Stocker-Holt dystrophy (122100) is often lumped with Meesmann dystrophy and, while it is a clinically similar disease, it is usually caused by a different mutation. The 20 patients reported by Stocker and Holt in 1954 were descendents from Moravia who settled in North Carolina (Meesmann and Wilke's report in 1939 was based on patients in Holstein, Germany).
No systemic disease is associated with this dystrophy.
This is a genetically heterogeneous autosomal dominant disorder resulting from mutations in several genes encoding cornea-specific keratins, K12 by KRT12 (similar to Stocker-Holt dystrophy; 122100) and K3 by KRT3 (Meesmann dystrophy) located on chromosomes 17 (q12) and 12 (q13), respectively.
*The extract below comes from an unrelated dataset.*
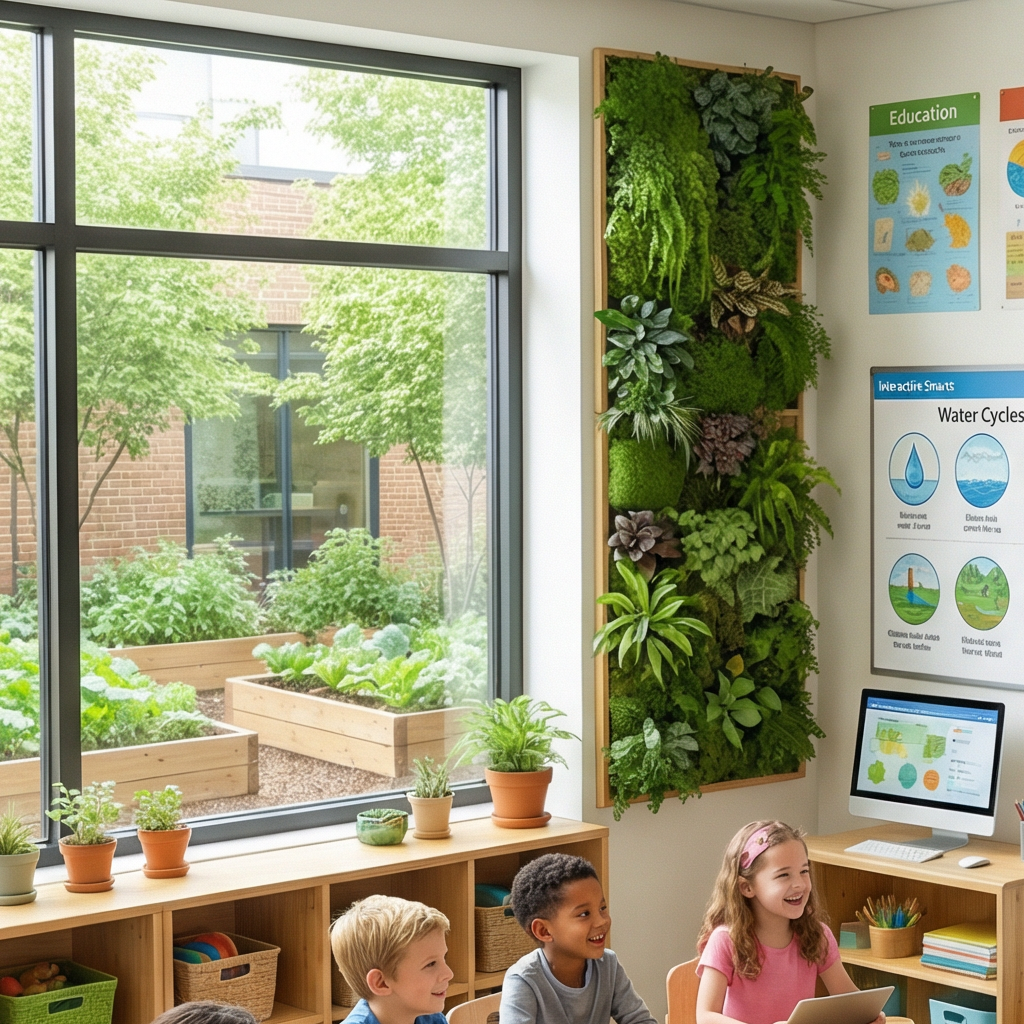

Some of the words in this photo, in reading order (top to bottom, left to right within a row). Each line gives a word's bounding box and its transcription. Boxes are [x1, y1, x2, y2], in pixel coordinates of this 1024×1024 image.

[889, 104, 957, 126] Education
[938, 407, 979, 423] Water
[981, 406, 1024, 427] Cycles
Contact lenses are poorly tolerated and keratoplasty is rarely indicated. Treatment is largely directed at symptoms with hypertonic solutions and sometimes with epithelial debridement. The cystic changes tend to recur following removal of the offending epithelium and even after corneal replacement.
The Arg135Thr mutation in the KRT12 gene found in the German family reported by Meesman and Wilke in 1939 (and a common founder mutation in Europe) can be selectively silenced in vitro by an allele-specific short interfering RNA (siRNA) suggesting a novel approach to therapy.